Но это — неизбежная расплата за необходимость набирать конституционное большинство «любой ценой». Губернатор во главе списка — это сигнал избирателю: выбирая что-то другое, ты не просто против партии голосуешь, ты голосуешь ещё и против твоей действующей региональной власти. Подумай. Плюс к тому, это возможность автоматически отчитаться всем тем, что делала эта самая регвласть, как достижением партии: вот мы дороги провели… мост открыли… клуб починили… а вы, все остальные, только разговариваете тут. Удобный и почти бесплатный способ дать партии нужную фору. Разумеется, у региональной власти тоже всегда есть свой антирейтинг, но он автоматически не переходит к федеральным оппозиционным партиям — работает модель «плохонький, но свой»: та самая, по Костину, «мягкая поддержка».
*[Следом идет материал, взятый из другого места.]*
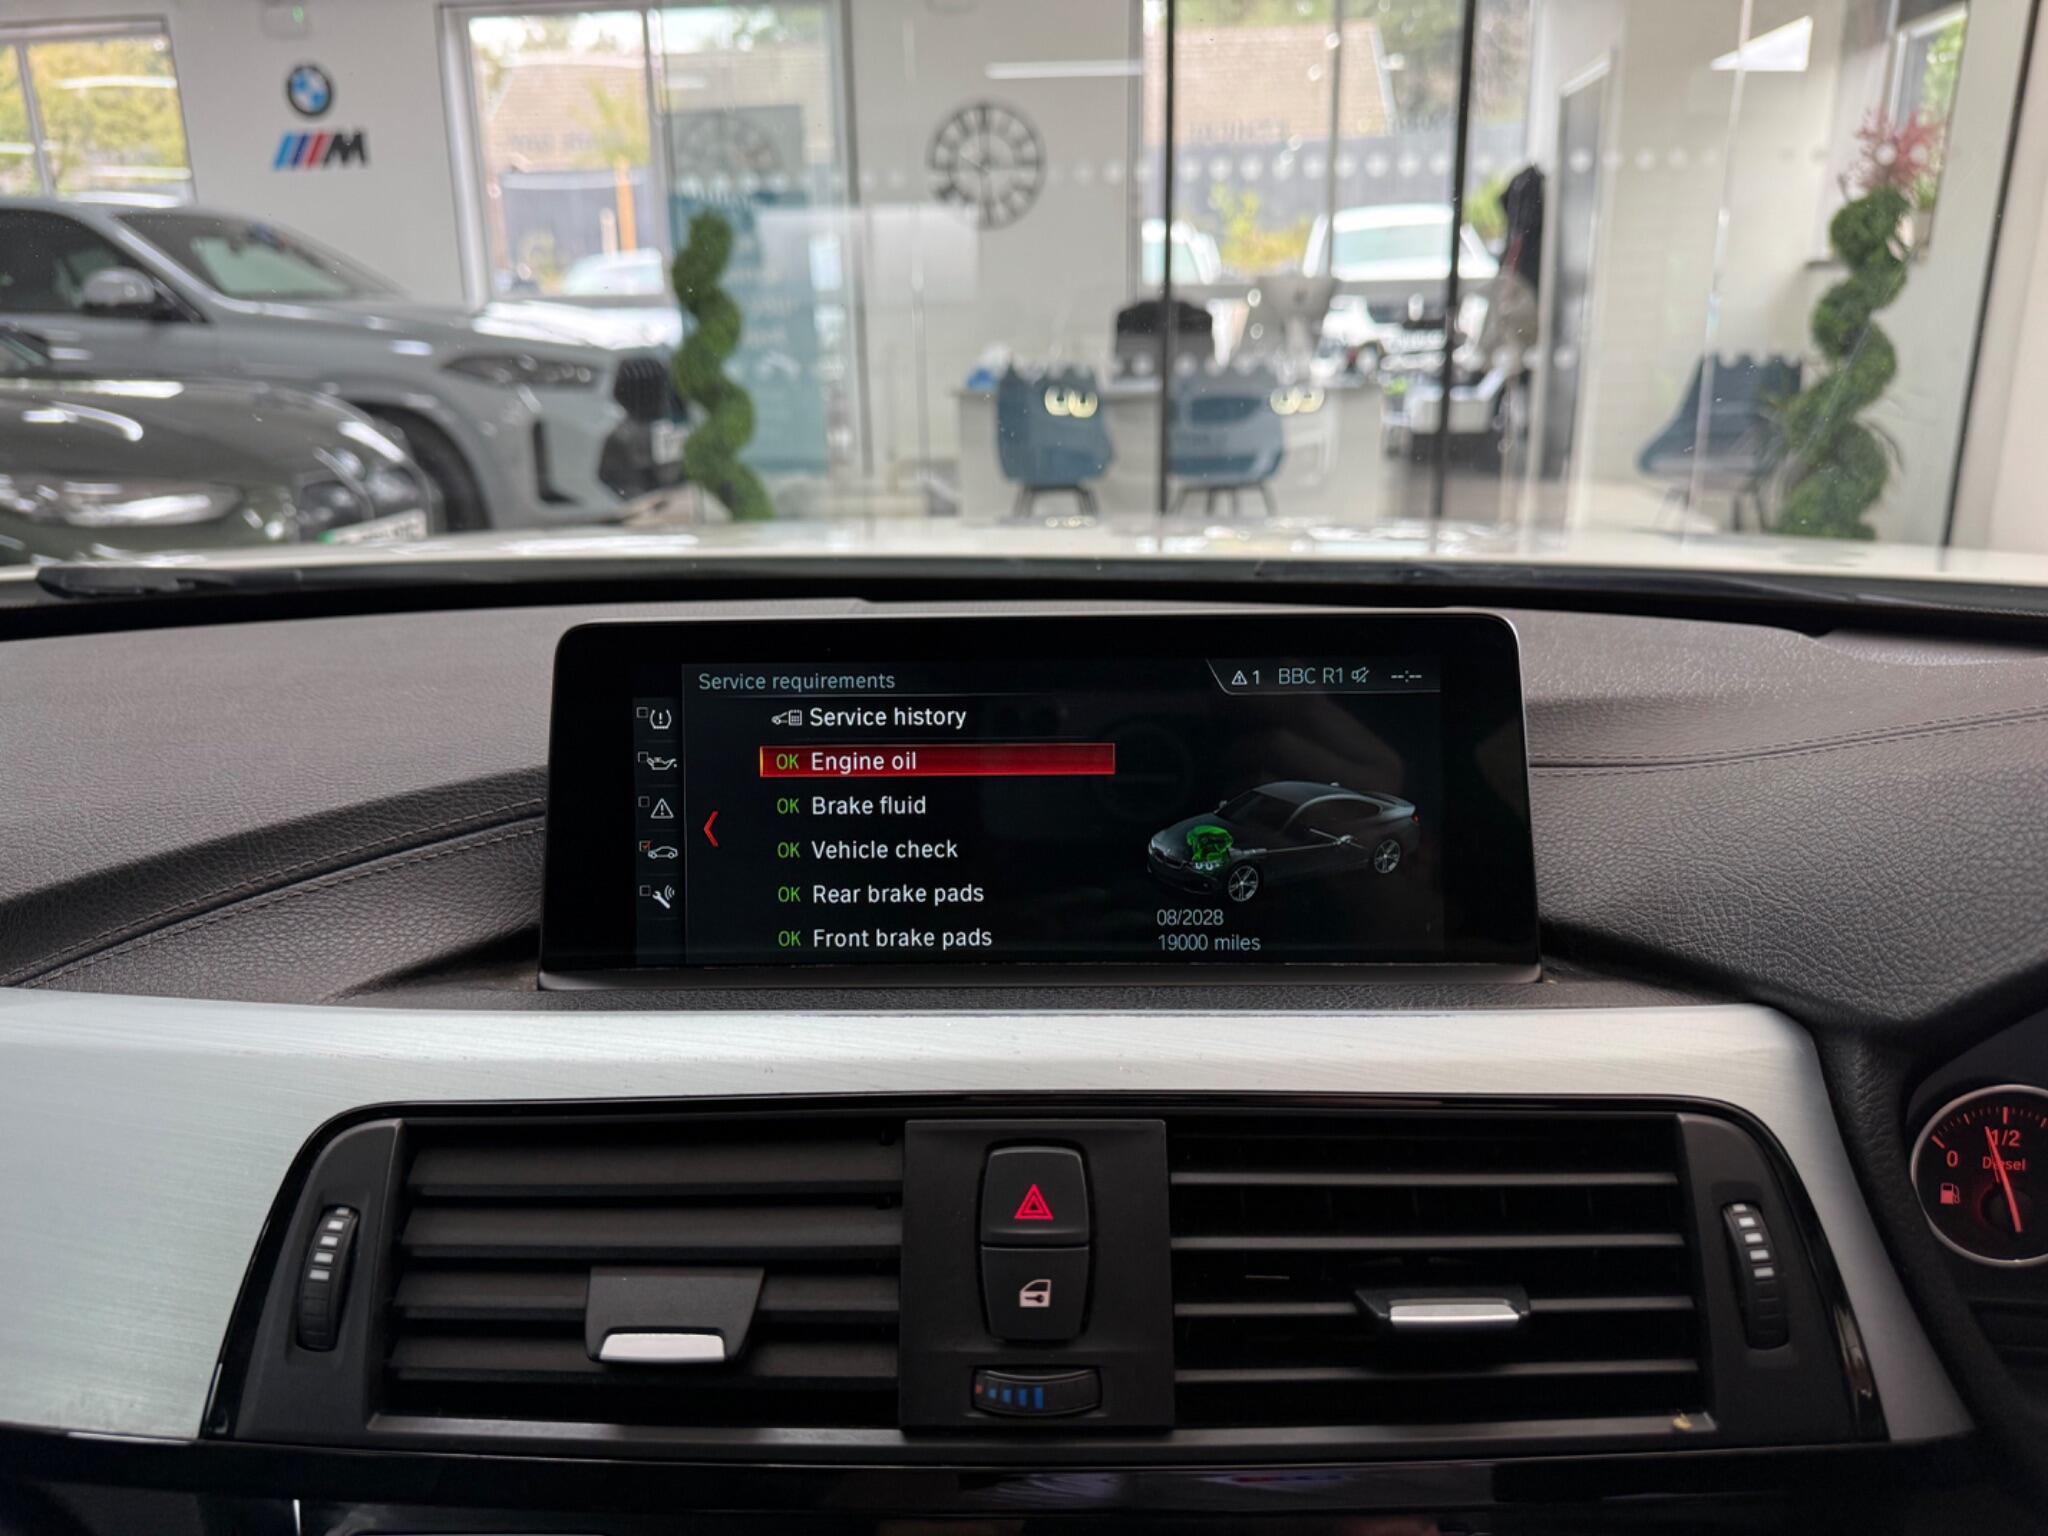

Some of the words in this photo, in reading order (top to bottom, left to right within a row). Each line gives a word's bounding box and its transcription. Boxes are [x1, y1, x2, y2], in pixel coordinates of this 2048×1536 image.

Но в долгосрочном плане это порождает для ЕР серьёзную проблематику. Она в глазах избирателей полностью превращается в «партию чиновников», воплощение и олицетворение бюрократической вертикали. И в недрах «большинства», особенно колеблющейся и разочарованной его части, начинает возникать запрос нового типа: на такую партию, которая была бы тоже «за Путина» или даже «проектом Кремля», но в то же время могла вести себя независимо по отношению к тем местным начальникам, кто ходит по земле с табличкой «мы здесь власть». После того, как окончательно зачах ОНФ, худо-бедно работавший с такими группами, этот запрос сегодня вообще висит в воздухе. И, да, его легко забирают любые «новые люди».
3. Апофеоз безыдейности
В предыдущем тексте я иронизировал над словосочетанием «главный идеолог «Единой России»». На самом деле это была горькая ирония — а представьте, что у партии действительно какая-то идеология есть, и вдруг Высокое Начальство делает нечто, что ей прямо противоречит? «Но это же… это же…» — «Так, что у вас там написано? Переписывайте».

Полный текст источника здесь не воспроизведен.